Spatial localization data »

BEGIN

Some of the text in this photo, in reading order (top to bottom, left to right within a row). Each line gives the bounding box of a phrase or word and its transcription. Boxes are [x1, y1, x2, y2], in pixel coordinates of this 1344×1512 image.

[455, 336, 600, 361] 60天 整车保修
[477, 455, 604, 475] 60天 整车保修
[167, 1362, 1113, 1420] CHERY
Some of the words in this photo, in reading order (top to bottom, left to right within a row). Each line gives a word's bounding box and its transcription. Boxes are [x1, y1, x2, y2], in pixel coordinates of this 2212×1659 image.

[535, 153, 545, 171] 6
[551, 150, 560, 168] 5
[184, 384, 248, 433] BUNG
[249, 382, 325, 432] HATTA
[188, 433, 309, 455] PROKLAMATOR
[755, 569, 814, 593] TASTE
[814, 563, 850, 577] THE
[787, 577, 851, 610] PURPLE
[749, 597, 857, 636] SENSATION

END

Exercise details » Only the lines from the one that holds "Some of the words" through the end of the records should appear in the answer, each restated exactly.

Task response »
Some of the words in this photo, in reading order (top to bottom, left to right within a row). Each line gives a word's bounding box and its transcription. Boxes are [x1, y1, x2, y2], in pixel coordinates of this 2212×1659 image.

[535, 153, 545, 171] 6
[551, 150, 560, 168] 5
[184, 384, 248, 433] BUNG
[249, 382, 325, 432] HATTA
[188, 433, 309, 455] PROKLAMATOR
[755, 569, 814, 593] TASTE
[814, 563, 850, 577] THE
[787, 577, 851, 610] PURPLE
[749, 597, 857, 636] SENSATION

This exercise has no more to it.